Pictures aside, return every line below exactly as written.

##### The data

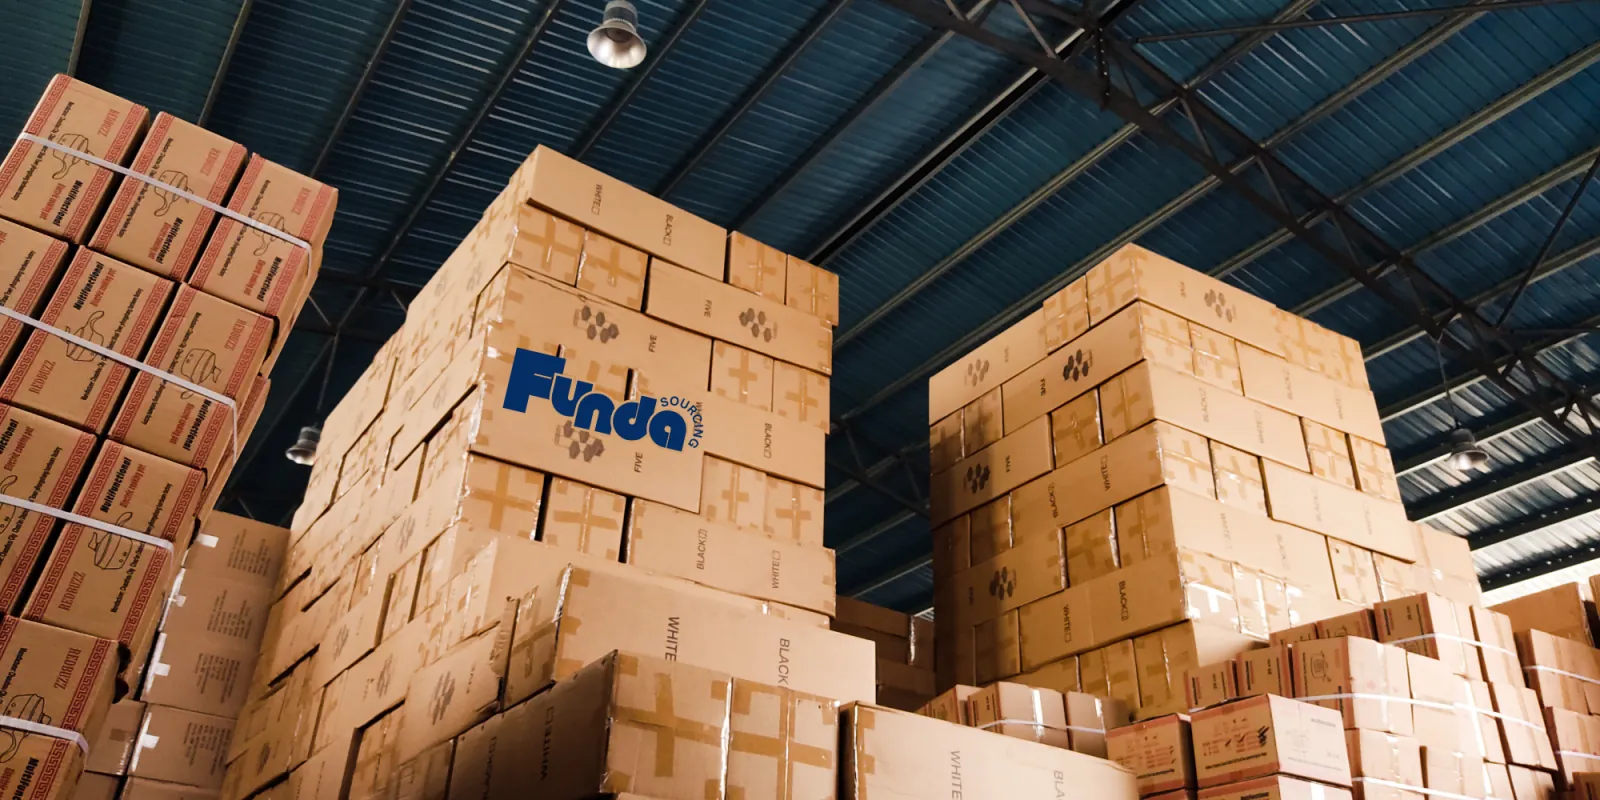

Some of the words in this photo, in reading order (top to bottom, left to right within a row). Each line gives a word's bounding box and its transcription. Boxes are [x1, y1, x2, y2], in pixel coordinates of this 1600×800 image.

[53, 180, 83, 226] Multifunctional
[592, 184, 603, 206] WHITE
[156, 218, 183, 264] Multifunctional
[664, 214, 674, 236] BLACK
[73, 262, 104, 310] Multifunctional
[257, 257, 282, 302] Multifunctional
[704, 299, 712, 317] FIVE
[648, 334, 657, 353] FIVE
[28, 360, 56, 394] REDBUZZ
[183, 399, 212, 451] Multifunctional
[764, 422, 772, 449] BLACK
[634, 451, 643, 473] FIVE
[100, 457, 131, 513] Multifunctional
[696, 538, 706, 570] BLACK
[58, 572, 85, 611] REDBUZZ
[771, 561, 780, 589] WHITE
[1118, 580, 1127, 610] BLACK
[665, 616, 680, 662] WHITE
[54, 648, 81, 690] REDBUZZ
[778, 638, 789, 685] BLACK
[12, 758, 39, 800] Multifunc
[950, 750, 962, 800] WHITE
[1053, 770, 1065, 800] BLA

##########

▶ Reply:
Some of the words in this photo, in reading order (top to bottom, left to right within a row). Each line gives a word's bounding box and its transcription. Boxes are [x1, y1, x2, y2], in pixel coordinates of this 1600×800 image.

[53, 180, 83, 226] Multifunctional
[592, 184, 603, 206] WHITE
[156, 218, 183, 264] Multifunctional
[664, 214, 674, 236] BLACK
[73, 262, 104, 310] Multifunctional
[257, 257, 282, 302] Multifunctional
[704, 299, 712, 317] FIVE
[648, 334, 657, 353] FIVE
[28, 360, 56, 394] REDBUZZ
[183, 399, 212, 451] Multifunctional
[764, 422, 772, 449] BLACK
[634, 451, 643, 473] FIVE
[100, 457, 131, 513] Multifunctional
[696, 538, 706, 570] BLACK
[58, 572, 85, 611] REDBUZZ
[771, 561, 780, 589] WHITE
[1118, 580, 1127, 610] BLACK
[665, 616, 680, 662] WHITE
[54, 648, 81, 690] REDBUZZ
[778, 638, 789, 685] BLACK
[12, 758, 39, 800] Multifunc
[950, 750, 962, 800] WHITE
[1053, 770, 1065, 800] BLA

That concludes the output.